── Data records
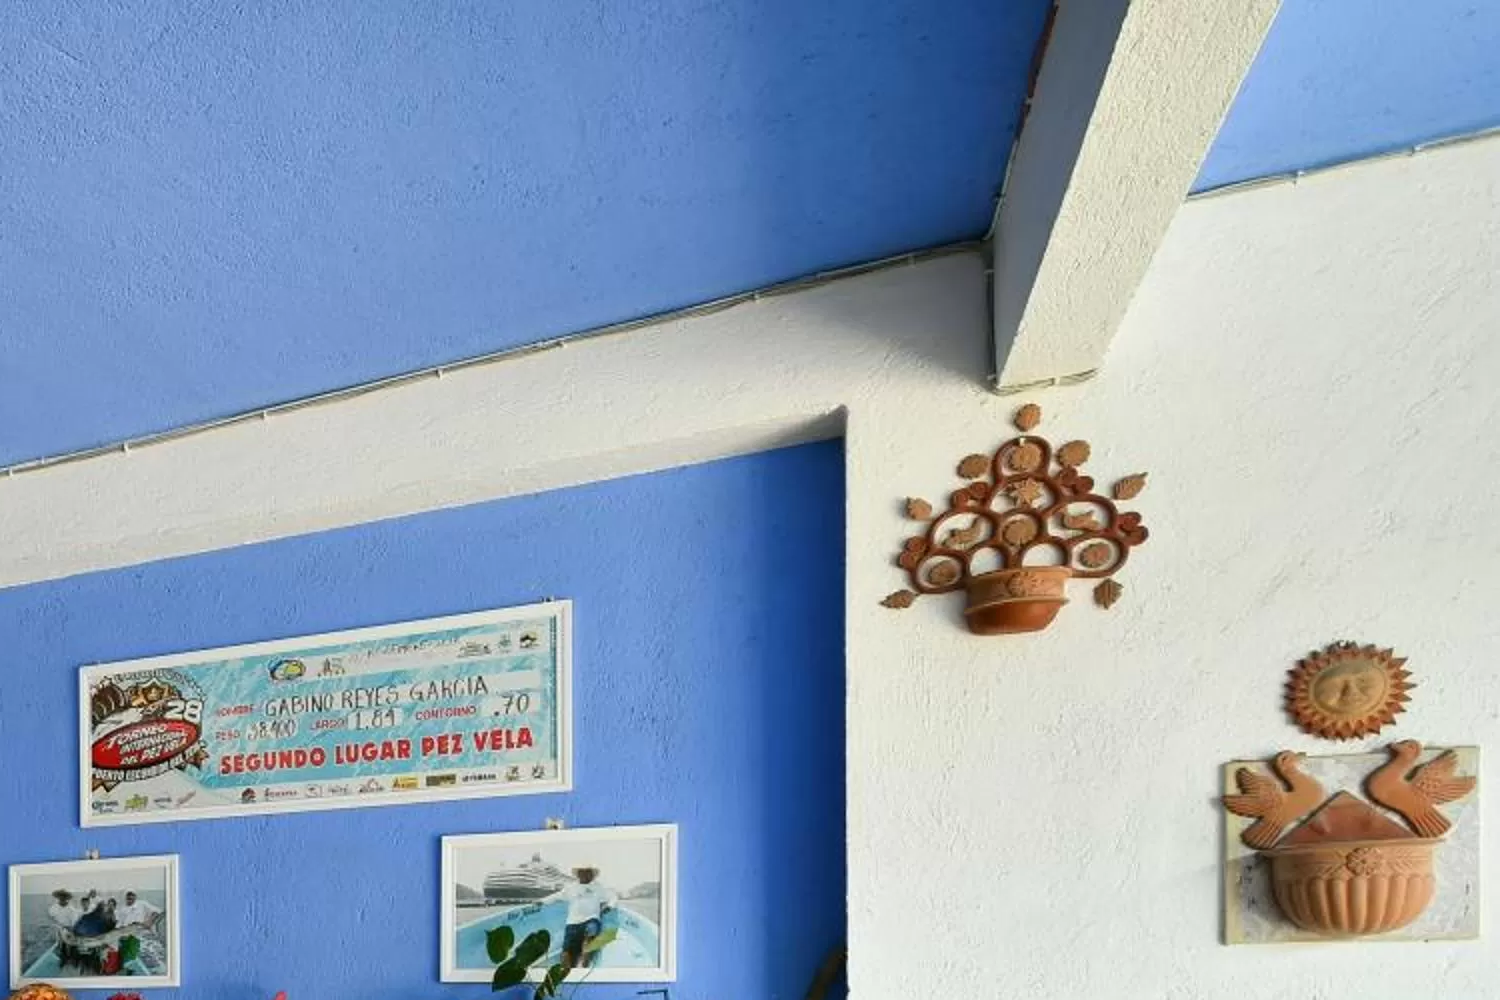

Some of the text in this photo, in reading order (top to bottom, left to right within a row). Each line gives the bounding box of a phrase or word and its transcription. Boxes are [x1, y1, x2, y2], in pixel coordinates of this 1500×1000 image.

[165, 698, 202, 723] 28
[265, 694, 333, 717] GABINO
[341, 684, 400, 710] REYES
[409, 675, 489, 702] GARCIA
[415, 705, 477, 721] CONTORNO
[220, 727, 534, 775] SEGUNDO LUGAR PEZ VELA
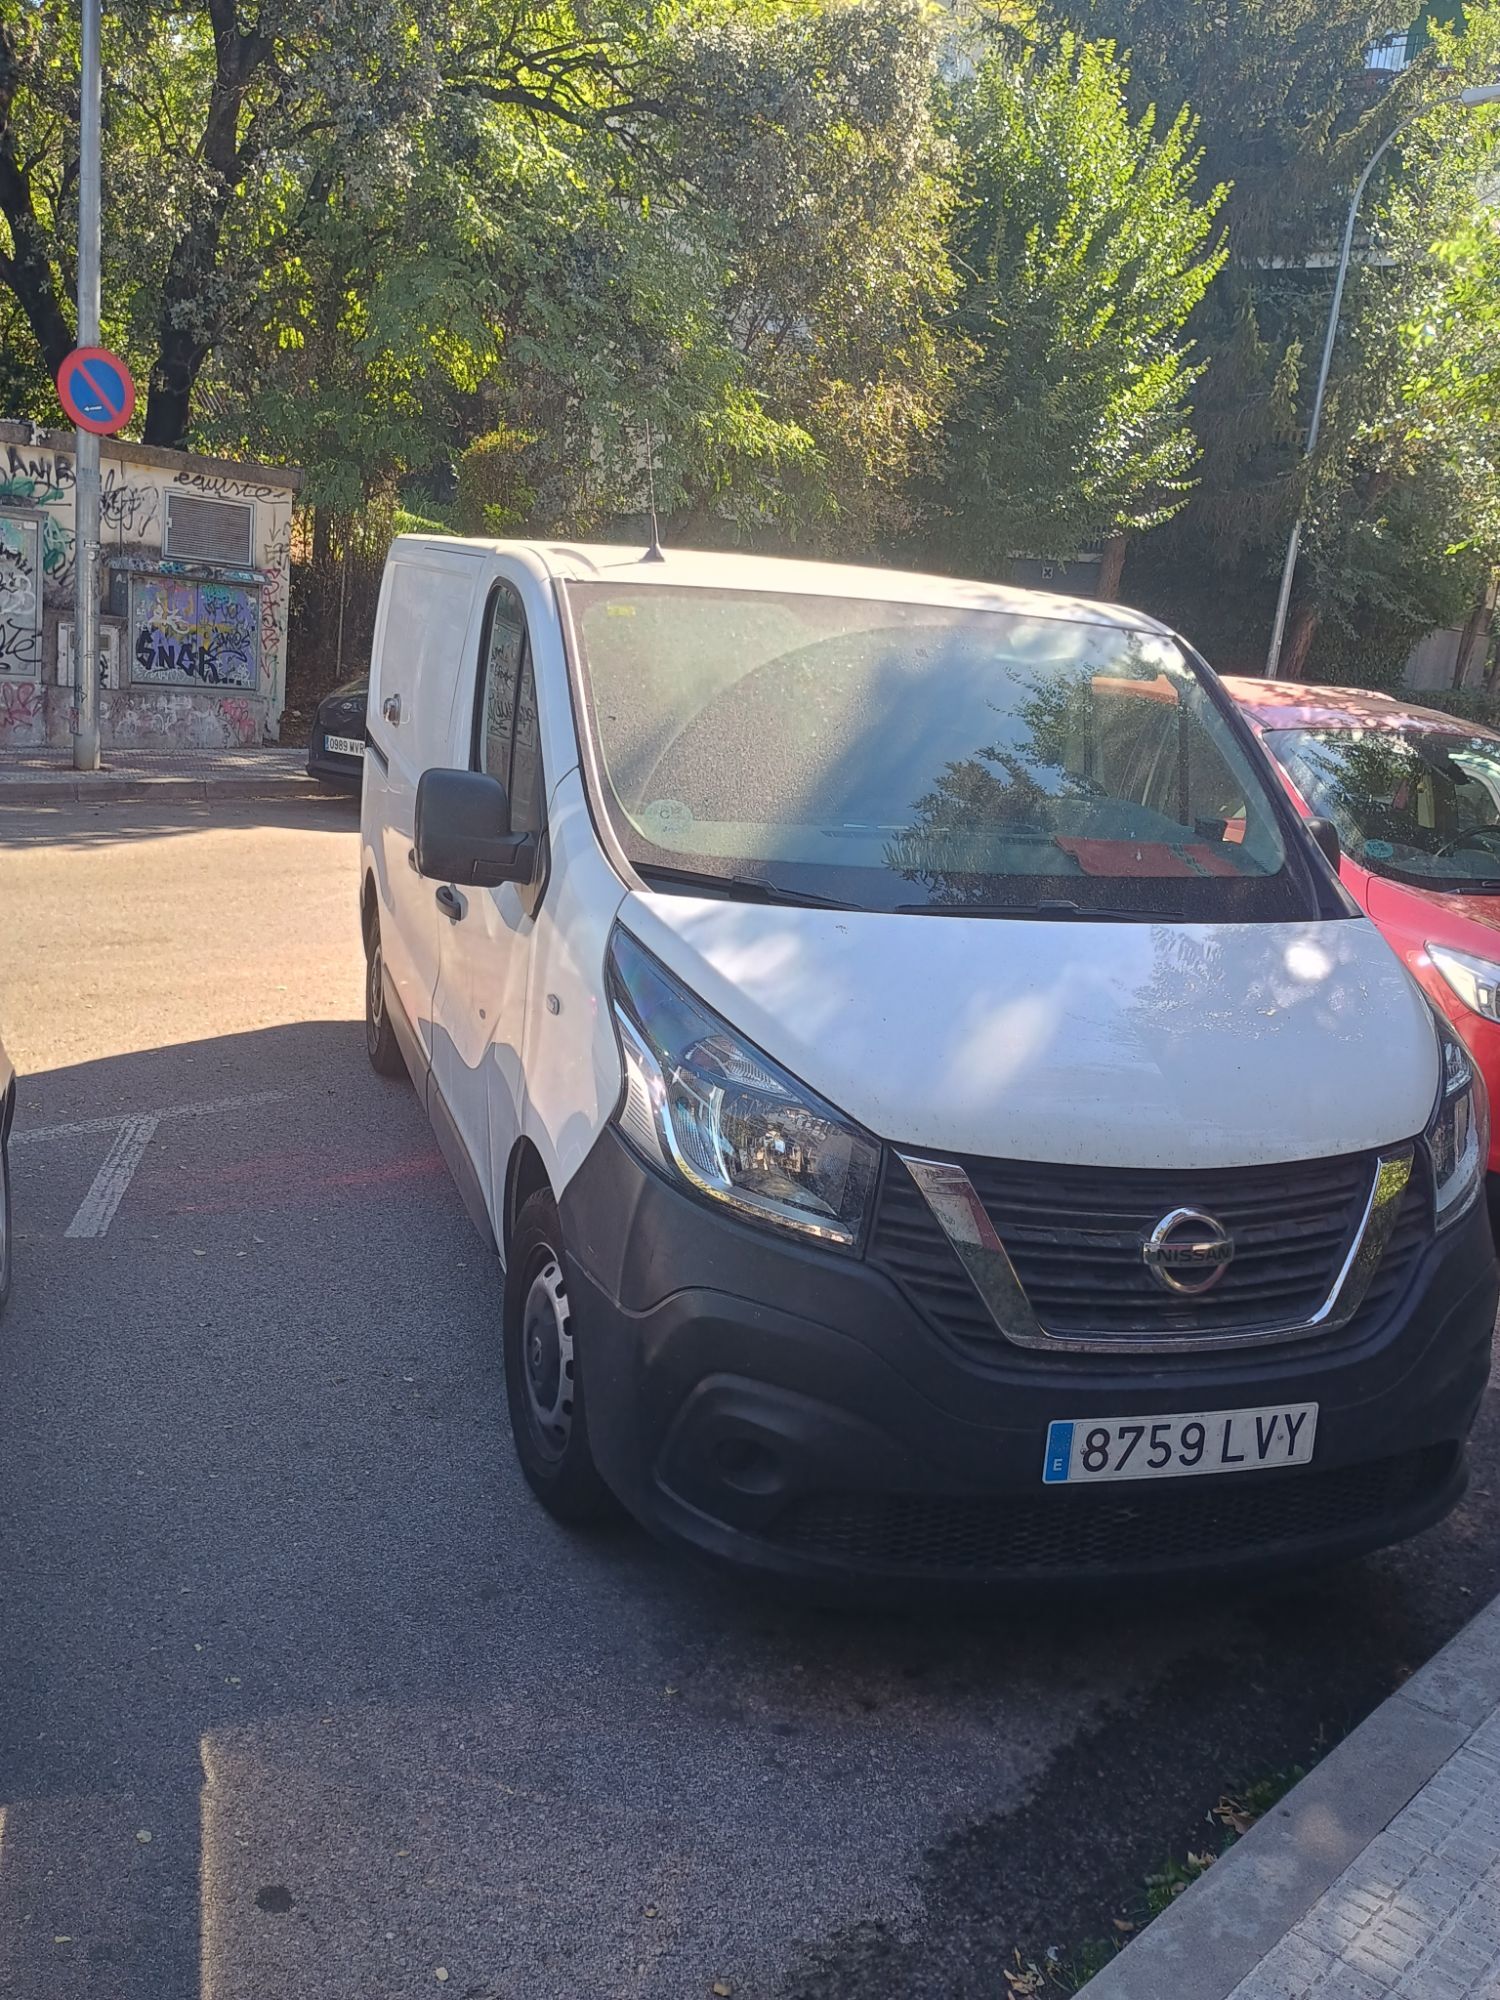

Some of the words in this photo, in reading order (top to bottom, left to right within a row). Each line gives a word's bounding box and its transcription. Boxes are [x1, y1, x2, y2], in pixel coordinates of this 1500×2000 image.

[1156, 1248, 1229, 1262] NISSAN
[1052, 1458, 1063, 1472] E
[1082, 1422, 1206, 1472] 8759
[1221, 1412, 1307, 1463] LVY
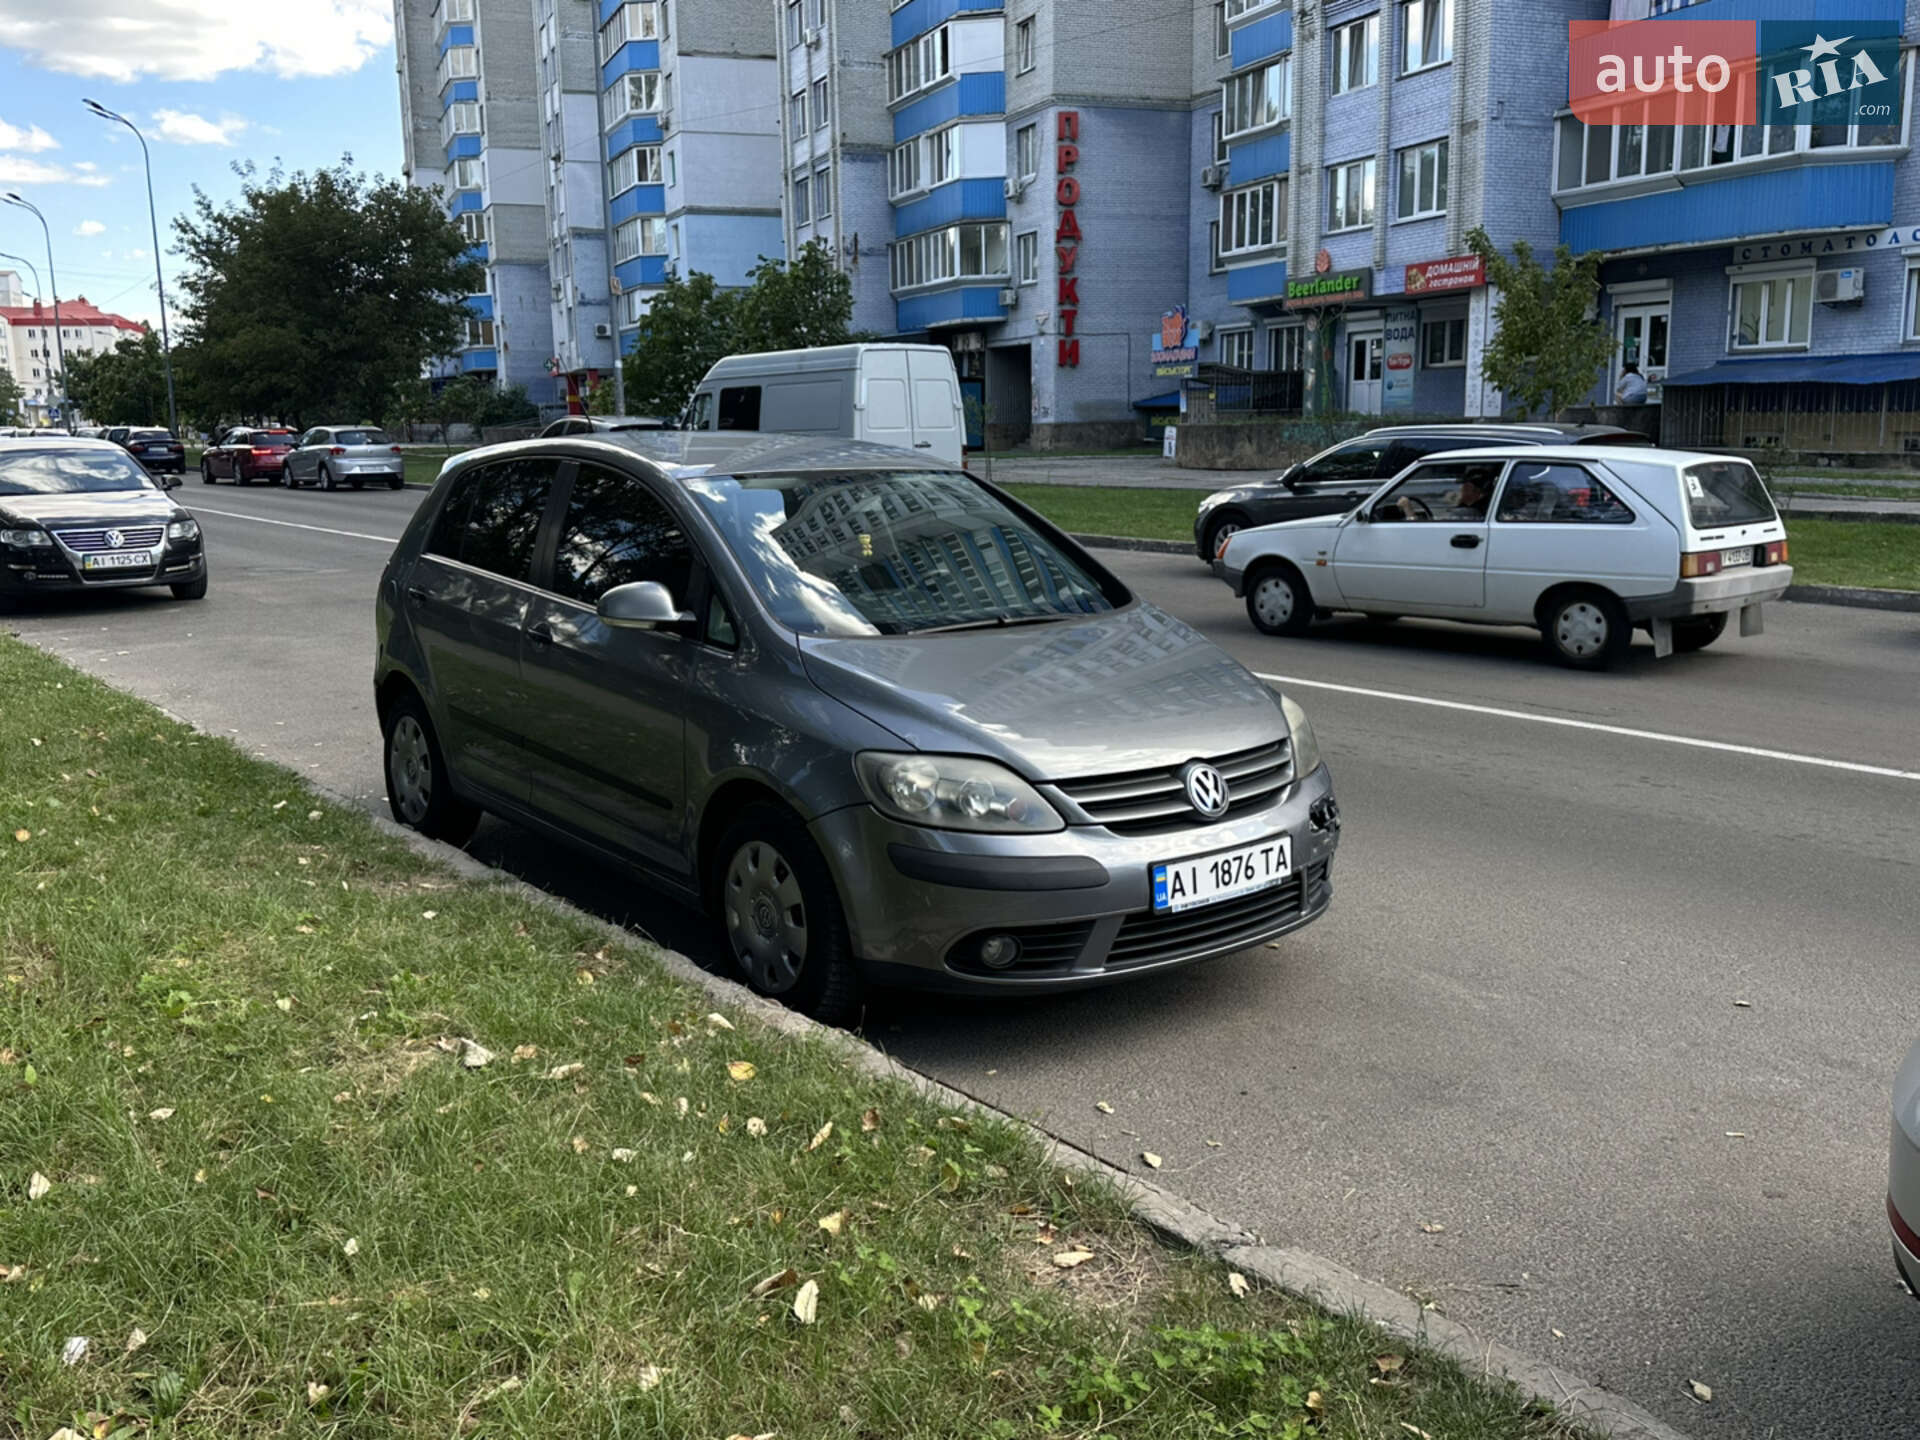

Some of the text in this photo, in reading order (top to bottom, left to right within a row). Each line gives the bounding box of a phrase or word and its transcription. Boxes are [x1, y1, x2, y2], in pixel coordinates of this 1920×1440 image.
────
- About this task
Retype the entries exactly, skipping every picture.

- Answer to this task
Some of the text in this photo, in reading order (top to bottom, left to right within a row). Each line gives the bounding box of a phrase or word and its transcription. Boxes are [x1, y1, x2, y2], in pixel coordinates of this 1500×1000 image.

[165, 698, 202, 723] 28
[265, 694, 333, 717] GABINO
[341, 684, 400, 710] REYES
[409, 675, 489, 702] GARCIA
[415, 705, 477, 721] CONTORNO
[220, 727, 534, 775] SEGUNDO LUGAR PEZ VELA

Some of the words in this photo, in reading order (top to bottom, left to right within a row). Each line gives a word's bounding box and its transcription. Boxes are [x1, y1, x2, y2], in pixel coordinates of this 1500×2000 image.

[1156, 1248, 1229, 1262] NISSAN
[1052, 1458, 1063, 1472] E
[1082, 1422, 1206, 1472] 8759
[1221, 1412, 1307, 1463] LVY

Some of the text in this photo, in reading order (top to bottom, left to right within a row). Each line gives the bounding box of a phrase or word and its transcription. Boxes are [x1, y1, x2, y2], in pixel coordinates of this 1920×1440 image.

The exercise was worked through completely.